At Humanitas, a residential care facility in the Netherlands, young students and artists live rent-free in exchange for spending at least 30 hours a month socializing with some of the 160 elderly residents.
They do the things professional staff cannot always do — such as spending time, just hanging out. Gea Sijpkes, the head of the Humanitas retirement home says it well:
“When you’re 96 years old with a knee problem, well, the knee isn’t going to get any better, the doctors can’t do much. But what we can do is create an environment where you forget about the painful knee.”
Watch this moving video about the program here:
Wanting to create a warm environment, the director thought outside of the box. By utilizing this design-style thinking, she was able to bypass budget concerns and tap into a connection that hired-staff cannot provide. The goal is, “to avoid creating care ghettos not to isolate the elderly from the outside world.”
A resident student described the relationship: “We bring today’s life to people who without us would still live in the past, and we learn from people who bring experience from their past, so I don’t make certain mistakes in the future.”
The Dutch government has made big cuts in healthcare funds. Helping each other, as a society, is one of the solutions to lack of funding resources.
When I had my own children, I hoped they would have a three-generational experience. They did, but only for few years. And once my parents passed, I kept thinking that there are so many elderly in NYC who would enjoy buying an ice cream cone and spending an hour with a boy. Similarly, there are so many children who could learn volumes from walking an older person across the street.
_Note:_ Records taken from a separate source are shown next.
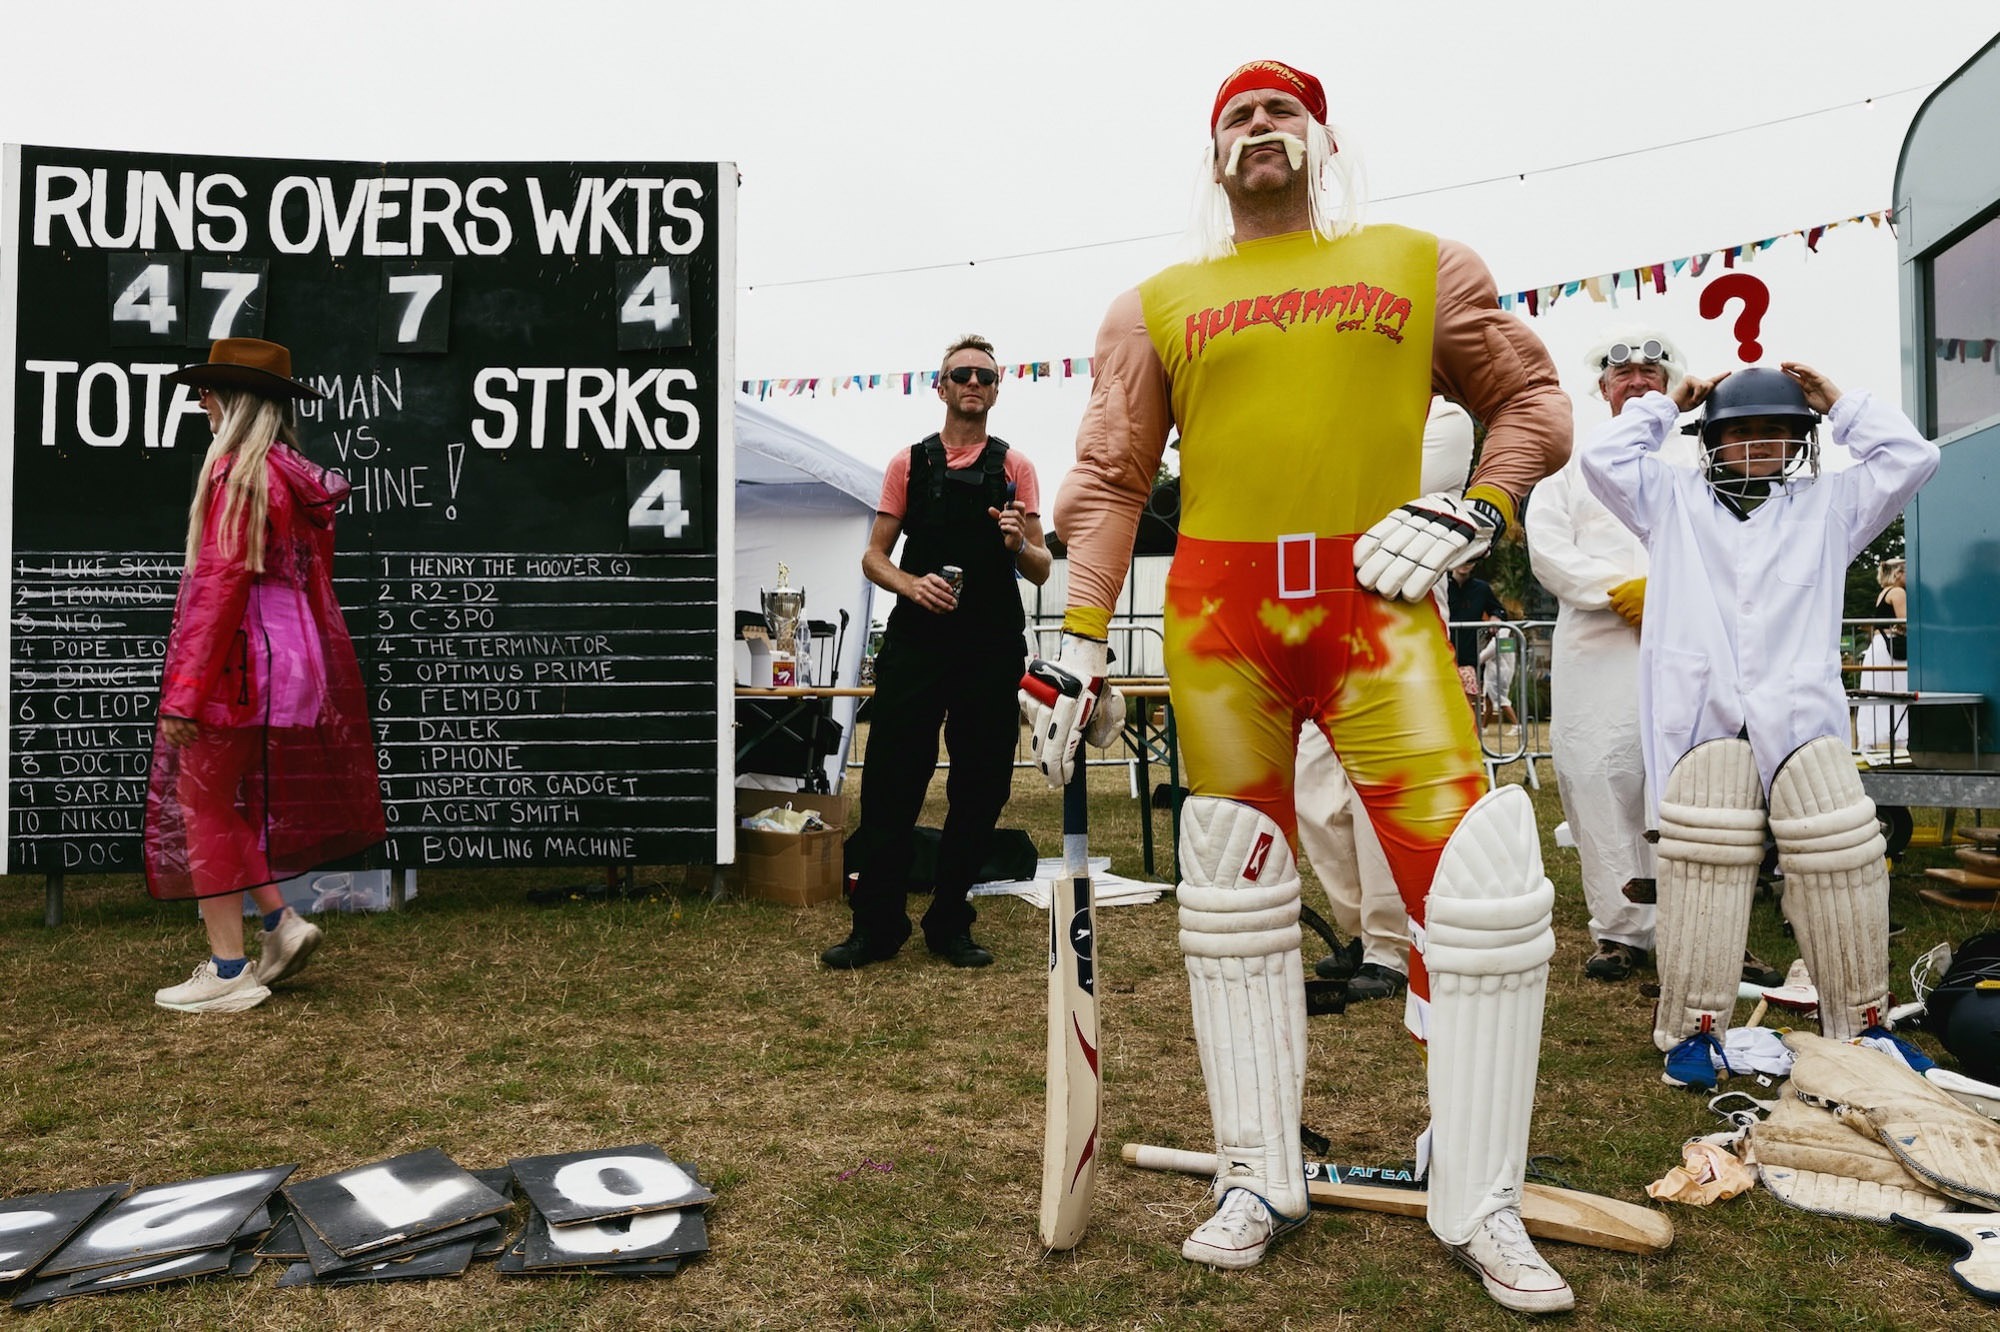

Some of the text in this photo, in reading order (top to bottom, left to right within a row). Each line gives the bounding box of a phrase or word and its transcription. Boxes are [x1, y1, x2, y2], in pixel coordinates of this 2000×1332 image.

[34, 165, 704, 256] RUNS OVERS WKTS
[388, 274, 443, 343] 7
[621, 266, 680, 331] 4
[1186, 282, 1412, 363] HULKAMANIA
[25, 360, 208, 448] TOTA
[471, 367, 699, 450] STRKS
[334, 426, 391, 462] VS.
[628, 469, 689, 538] 4
[18, 558, 183, 578] 1 LUKE SKYW
[381, 557, 389, 576] 1
[410, 557, 475, 577] HENRY
[483, 559, 516, 576] THE
[527, 559, 601, 576] HOOVER
[16, 585, 162, 605] 2 LEONARDO
[379, 582, 499, 602] 2 R2-D2
[19, 613, 101, 632] 3 NEO
[378, 610, 394, 630] 3
[20, 640, 166, 658] 4 POPE LEO
[377, 635, 613, 656] 4 THE TERMINATOR
[20, 668, 37, 687] 5
[56, 665, 137, 687] BRUCE
[378, 661, 615, 682] 5 OPTIMUS PRIME
[20, 695, 157, 720] 6 CLEOP
[378, 688, 541, 712] 6 FEMBOT
[19, 730, 36, 747] 7
[57, 728, 122, 748] HULK
[377, 720, 500, 741] 7 DALEK
[21, 753, 147, 775] 8 DOCTO
[378, 746, 522, 770] 8 iPHONE
[20, 783, 146, 803] 9 SARAH
[380, 776, 638, 796] 9 INSPECTOR GADGET
[20, 811, 143, 832] 10 NIKOL
[387, 801, 580, 823] 0 AGENT SMITH
[20, 842, 37, 865] 11
[64, 842, 123, 867] DOC
[423, 836, 533, 864] BOWLING
[545, 836, 637, 858] MACHINE
I imagine that patience, tolerance and communication skills would all be part of the first lesson. The older one would share stories from the past. The young one would relate stories from school today, and both would sharpen each other’s mind and broaden their hearts.
The bond across the lifespan is one of the most unique exchanges we can have. And when it happens between people WHO are not of kin, it can be even more fulfilling to engage in a creative community of choice. A win, win.
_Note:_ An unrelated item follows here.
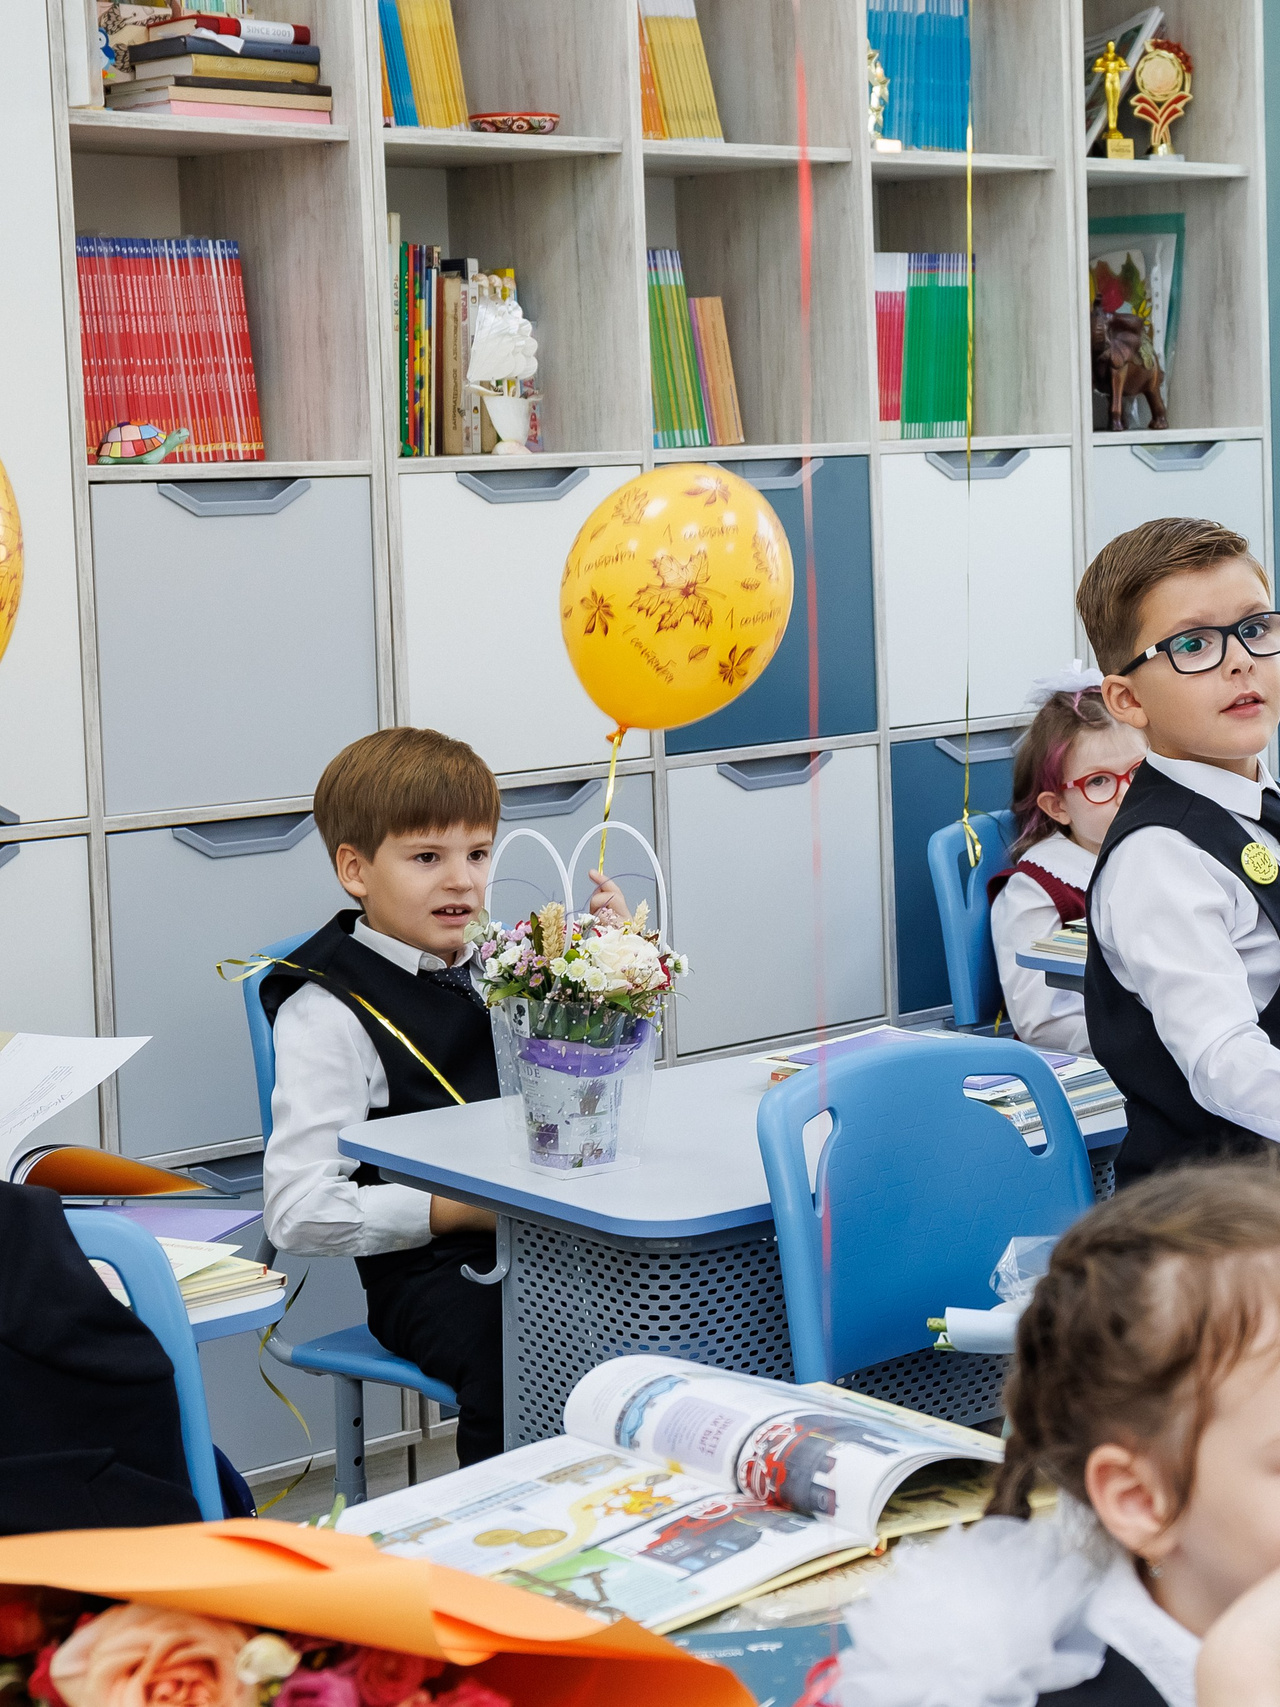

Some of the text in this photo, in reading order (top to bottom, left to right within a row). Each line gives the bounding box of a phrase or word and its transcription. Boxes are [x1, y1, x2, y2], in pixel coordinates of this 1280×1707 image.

Instead, we tuck our most wise generation away in safe, but stale, places. We isolate and neglect them, while knowing that having purpose and social value is a key antidote to death. While on the other end of the spectrum, too many people live far from family and suffer from of isolation.
Bringing back intergenerational mixing on a daily basis would be good for everyone — young and old(er).
In countries like Mexico, China, and Senegal generations intermingle daily and that is the norm, not the exception. Ohio already has already established similar intergenerational housing.
When do we get such a facility in New York City?
How can we make innovations to challenge the way American culture segregates its elderly?